The effect of resonant magnetic perturbations (RMPs) on particle confinement is studied in J-TEXT tokamak by using externally applied rotating RMPs. It is found that RMPs cause improved (degraded) particle confinement when its frequency is higher (lower) than the natural m/n = 2/1 tearing mode frequency, and the amount of change in electron density is proportional to the difference between these two frequencies, where m and n are the poloidal and toroidal mode number, respectively. These results reveal the important role of the relative rotation between RMPs and the electron fluid in affecting the particle confinement.
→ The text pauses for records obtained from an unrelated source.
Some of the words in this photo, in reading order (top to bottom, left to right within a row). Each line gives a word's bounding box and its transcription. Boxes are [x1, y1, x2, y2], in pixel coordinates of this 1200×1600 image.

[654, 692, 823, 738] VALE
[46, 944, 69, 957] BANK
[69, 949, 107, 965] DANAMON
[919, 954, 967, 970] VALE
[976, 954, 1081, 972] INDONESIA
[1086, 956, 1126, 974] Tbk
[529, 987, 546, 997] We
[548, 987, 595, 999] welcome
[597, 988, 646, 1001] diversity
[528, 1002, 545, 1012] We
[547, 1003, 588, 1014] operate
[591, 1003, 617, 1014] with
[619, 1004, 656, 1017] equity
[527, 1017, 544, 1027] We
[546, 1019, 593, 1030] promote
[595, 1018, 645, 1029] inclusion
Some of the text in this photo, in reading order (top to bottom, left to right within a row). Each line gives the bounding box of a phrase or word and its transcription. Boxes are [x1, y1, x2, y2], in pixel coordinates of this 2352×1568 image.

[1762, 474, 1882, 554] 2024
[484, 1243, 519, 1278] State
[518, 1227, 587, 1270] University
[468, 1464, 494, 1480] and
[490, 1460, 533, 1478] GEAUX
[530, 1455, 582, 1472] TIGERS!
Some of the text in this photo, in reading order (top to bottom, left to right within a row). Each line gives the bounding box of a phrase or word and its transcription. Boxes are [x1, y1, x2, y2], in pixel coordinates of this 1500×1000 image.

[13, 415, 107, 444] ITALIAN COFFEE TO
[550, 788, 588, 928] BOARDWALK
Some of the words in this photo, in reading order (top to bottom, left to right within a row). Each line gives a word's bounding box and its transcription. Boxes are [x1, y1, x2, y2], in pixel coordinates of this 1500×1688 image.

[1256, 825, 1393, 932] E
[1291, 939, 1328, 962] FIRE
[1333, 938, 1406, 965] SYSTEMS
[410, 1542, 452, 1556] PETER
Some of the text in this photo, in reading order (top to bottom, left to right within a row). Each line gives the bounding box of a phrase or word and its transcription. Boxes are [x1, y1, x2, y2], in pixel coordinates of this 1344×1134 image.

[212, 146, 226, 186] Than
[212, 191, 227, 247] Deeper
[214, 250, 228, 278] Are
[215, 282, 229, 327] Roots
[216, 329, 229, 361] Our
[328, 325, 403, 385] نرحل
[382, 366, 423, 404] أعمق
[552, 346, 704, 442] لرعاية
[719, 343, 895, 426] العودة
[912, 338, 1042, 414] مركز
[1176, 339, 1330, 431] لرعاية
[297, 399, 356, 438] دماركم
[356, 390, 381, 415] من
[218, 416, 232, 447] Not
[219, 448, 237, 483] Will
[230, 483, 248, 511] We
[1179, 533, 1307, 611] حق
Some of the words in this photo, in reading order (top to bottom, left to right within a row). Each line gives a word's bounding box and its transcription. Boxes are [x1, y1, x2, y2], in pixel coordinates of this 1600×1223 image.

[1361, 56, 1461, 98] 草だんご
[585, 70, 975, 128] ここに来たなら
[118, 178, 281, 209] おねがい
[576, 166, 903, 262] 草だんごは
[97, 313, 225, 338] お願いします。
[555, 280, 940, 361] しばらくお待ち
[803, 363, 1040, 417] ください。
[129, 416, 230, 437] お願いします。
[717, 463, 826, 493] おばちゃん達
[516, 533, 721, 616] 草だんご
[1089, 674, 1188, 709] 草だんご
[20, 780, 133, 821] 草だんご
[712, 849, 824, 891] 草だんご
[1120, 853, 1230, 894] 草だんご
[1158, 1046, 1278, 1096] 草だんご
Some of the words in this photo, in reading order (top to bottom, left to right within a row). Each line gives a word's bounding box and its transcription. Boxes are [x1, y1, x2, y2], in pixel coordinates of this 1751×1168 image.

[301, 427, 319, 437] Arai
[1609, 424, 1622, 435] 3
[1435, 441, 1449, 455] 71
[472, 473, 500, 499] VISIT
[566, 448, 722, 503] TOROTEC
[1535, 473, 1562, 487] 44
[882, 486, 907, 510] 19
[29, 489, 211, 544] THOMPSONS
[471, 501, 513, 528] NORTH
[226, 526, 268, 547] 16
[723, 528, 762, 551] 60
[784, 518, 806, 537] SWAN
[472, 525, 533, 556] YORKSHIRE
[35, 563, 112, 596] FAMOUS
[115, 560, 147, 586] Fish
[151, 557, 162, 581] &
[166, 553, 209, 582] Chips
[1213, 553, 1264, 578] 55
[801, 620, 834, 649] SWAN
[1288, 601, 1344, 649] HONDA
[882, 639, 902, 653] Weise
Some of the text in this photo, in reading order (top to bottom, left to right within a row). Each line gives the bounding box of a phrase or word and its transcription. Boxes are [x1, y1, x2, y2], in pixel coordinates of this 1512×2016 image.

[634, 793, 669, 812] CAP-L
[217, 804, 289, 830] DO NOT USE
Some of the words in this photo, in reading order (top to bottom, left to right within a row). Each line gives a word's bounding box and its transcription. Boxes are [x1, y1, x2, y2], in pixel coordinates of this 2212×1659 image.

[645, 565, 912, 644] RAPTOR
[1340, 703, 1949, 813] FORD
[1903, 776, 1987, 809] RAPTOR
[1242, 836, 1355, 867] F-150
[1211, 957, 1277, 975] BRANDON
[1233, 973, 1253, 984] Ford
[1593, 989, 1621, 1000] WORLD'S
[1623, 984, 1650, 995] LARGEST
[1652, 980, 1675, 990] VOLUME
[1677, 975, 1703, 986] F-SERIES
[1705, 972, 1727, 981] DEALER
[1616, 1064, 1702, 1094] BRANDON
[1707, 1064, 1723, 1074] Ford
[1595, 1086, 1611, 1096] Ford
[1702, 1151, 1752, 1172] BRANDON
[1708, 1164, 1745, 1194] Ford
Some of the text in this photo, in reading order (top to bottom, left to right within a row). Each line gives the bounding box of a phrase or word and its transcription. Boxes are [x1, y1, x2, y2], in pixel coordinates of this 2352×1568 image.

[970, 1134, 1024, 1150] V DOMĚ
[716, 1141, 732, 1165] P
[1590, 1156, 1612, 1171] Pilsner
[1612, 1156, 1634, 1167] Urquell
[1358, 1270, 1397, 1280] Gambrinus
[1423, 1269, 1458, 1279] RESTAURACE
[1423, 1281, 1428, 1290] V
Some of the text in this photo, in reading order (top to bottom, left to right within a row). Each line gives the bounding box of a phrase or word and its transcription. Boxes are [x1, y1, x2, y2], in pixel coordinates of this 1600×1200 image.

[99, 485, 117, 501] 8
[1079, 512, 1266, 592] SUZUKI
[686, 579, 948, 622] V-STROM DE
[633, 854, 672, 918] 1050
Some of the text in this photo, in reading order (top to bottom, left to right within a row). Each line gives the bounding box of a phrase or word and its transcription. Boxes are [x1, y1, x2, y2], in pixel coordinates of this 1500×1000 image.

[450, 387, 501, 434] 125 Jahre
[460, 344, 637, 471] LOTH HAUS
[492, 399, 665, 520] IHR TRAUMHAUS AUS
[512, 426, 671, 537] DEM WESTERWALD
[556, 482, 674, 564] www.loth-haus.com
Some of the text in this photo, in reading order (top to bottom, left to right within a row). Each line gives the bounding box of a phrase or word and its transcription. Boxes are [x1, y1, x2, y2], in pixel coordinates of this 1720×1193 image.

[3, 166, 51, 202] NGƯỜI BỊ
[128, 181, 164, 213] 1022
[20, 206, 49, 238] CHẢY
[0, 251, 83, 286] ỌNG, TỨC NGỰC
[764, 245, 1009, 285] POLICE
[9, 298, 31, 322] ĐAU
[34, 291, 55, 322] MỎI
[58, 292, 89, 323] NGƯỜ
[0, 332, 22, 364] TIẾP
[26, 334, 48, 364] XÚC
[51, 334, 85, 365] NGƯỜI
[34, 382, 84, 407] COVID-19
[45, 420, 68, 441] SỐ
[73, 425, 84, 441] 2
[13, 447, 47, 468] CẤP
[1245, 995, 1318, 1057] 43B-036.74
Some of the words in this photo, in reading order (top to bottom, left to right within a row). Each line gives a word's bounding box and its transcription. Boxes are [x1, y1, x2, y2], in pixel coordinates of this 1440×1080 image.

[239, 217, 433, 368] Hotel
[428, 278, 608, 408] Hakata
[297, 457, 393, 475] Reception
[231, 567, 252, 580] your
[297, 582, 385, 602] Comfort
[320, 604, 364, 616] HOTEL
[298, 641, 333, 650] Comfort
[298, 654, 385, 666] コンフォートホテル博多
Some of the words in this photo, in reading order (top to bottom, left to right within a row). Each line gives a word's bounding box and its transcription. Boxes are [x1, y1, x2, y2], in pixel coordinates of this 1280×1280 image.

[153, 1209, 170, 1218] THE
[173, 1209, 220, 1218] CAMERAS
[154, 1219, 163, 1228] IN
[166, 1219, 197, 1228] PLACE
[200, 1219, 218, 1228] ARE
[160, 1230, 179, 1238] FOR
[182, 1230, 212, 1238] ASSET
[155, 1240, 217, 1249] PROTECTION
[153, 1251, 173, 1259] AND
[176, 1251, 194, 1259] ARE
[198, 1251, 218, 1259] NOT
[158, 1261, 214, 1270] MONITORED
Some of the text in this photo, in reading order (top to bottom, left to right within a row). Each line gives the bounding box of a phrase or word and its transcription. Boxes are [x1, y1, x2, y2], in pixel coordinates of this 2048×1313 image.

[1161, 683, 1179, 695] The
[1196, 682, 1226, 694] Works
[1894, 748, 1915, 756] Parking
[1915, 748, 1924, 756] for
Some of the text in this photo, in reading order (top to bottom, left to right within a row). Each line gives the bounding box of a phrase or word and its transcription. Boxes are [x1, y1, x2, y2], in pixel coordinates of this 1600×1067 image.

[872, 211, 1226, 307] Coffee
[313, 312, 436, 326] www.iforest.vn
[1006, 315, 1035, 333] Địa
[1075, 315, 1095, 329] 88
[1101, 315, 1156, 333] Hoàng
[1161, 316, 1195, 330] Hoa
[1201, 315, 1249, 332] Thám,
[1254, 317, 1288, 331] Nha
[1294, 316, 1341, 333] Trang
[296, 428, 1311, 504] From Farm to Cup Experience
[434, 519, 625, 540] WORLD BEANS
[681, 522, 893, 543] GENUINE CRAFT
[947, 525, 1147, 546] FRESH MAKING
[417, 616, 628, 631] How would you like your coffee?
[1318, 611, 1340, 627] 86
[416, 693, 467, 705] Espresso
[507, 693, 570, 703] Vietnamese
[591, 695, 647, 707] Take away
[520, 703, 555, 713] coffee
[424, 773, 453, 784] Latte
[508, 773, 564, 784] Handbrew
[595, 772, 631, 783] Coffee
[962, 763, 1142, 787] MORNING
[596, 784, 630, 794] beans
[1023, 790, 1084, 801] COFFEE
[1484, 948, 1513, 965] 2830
The experimental results are compared to numerical ones based on nonlinear two-fluid equations, and quantitative agreement is found. Resonant magnetic perturbations (RMPs) often exist, e.g., in solar flares, magnetotail and fusion devices, due to intrinsic plasma instabilities and have attracted much research efforts, since they are associated with magnetic reconnection. In fusion devices RMPs can also be generated by external coil current, which have important applications in fusion plasmas. Static RMPs are able to suppress or mitigate edge localized modes (ELMs) [1-5] and to affect other instabilities [6-12]. In addition, rotating RMPs were used to study the field penetration [13], their effect on plasma rotation [14] and plasma response on TEXTOR [15]. On DIII-D, rotating RMPs are utilized to control NTMs rotation [16] and detect the intrinsic error field [17].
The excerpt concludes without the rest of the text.